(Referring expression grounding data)

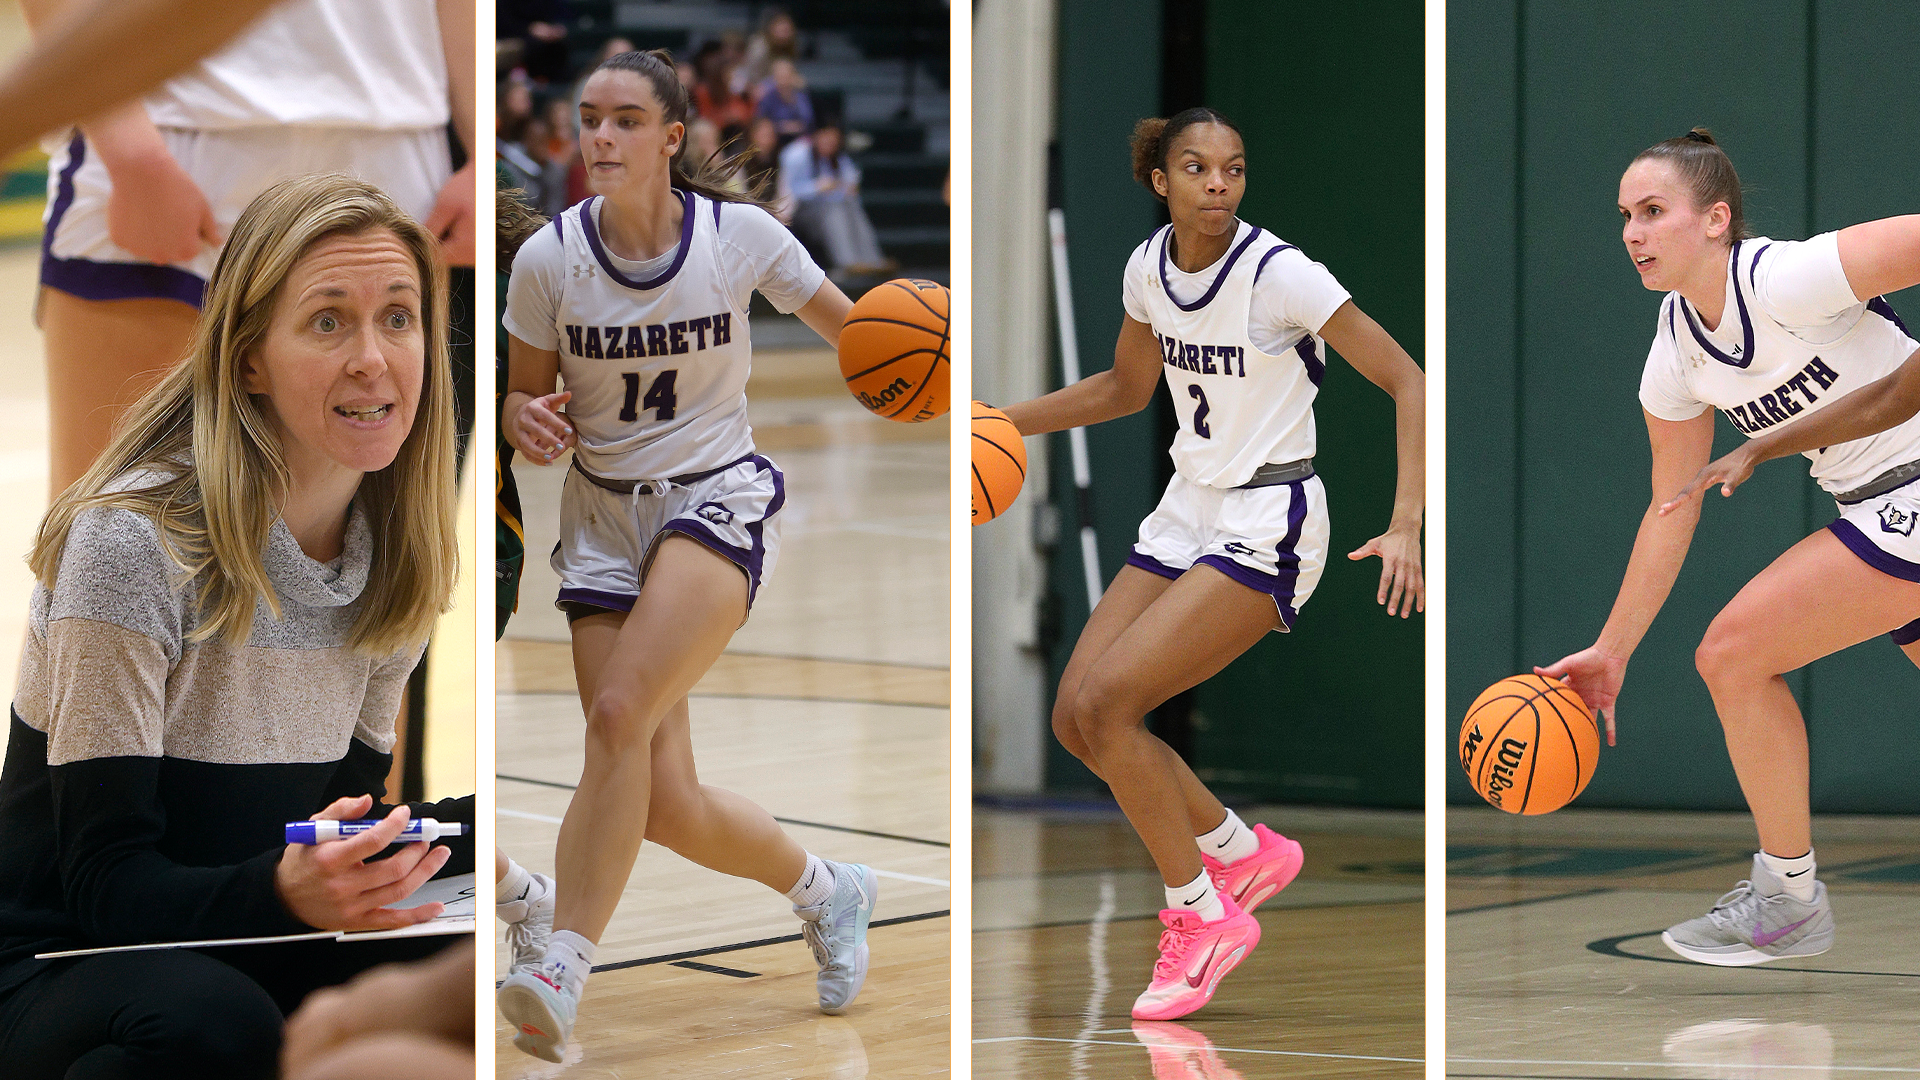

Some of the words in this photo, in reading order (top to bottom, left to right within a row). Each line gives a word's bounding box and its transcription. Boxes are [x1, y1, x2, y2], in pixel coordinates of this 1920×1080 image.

[565, 312, 732, 360] NAZARETH
[1155, 329, 1246, 378] AZARET
[619, 369, 678, 422] 14
[1188, 384, 1211, 440] 2
[1721, 355, 1840, 434] AZARETH

→ Exercise directions
A word-for-word copy of the records is needed, one that contains no pictures.

→ Task response
Some of the words in this photo, in reading order (top to bottom, left to right within a row). Each line gives a word's bounding box and its transcription. Boxes are [x1, y1, x2, y2], in pixel coordinates of this 1920×1080 image.

[565, 312, 732, 360] NAZARETH
[1155, 329, 1246, 378] AZARET
[619, 369, 678, 422] 14
[1188, 384, 1211, 440] 2
[1721, 355, 1840, 434] AZARETH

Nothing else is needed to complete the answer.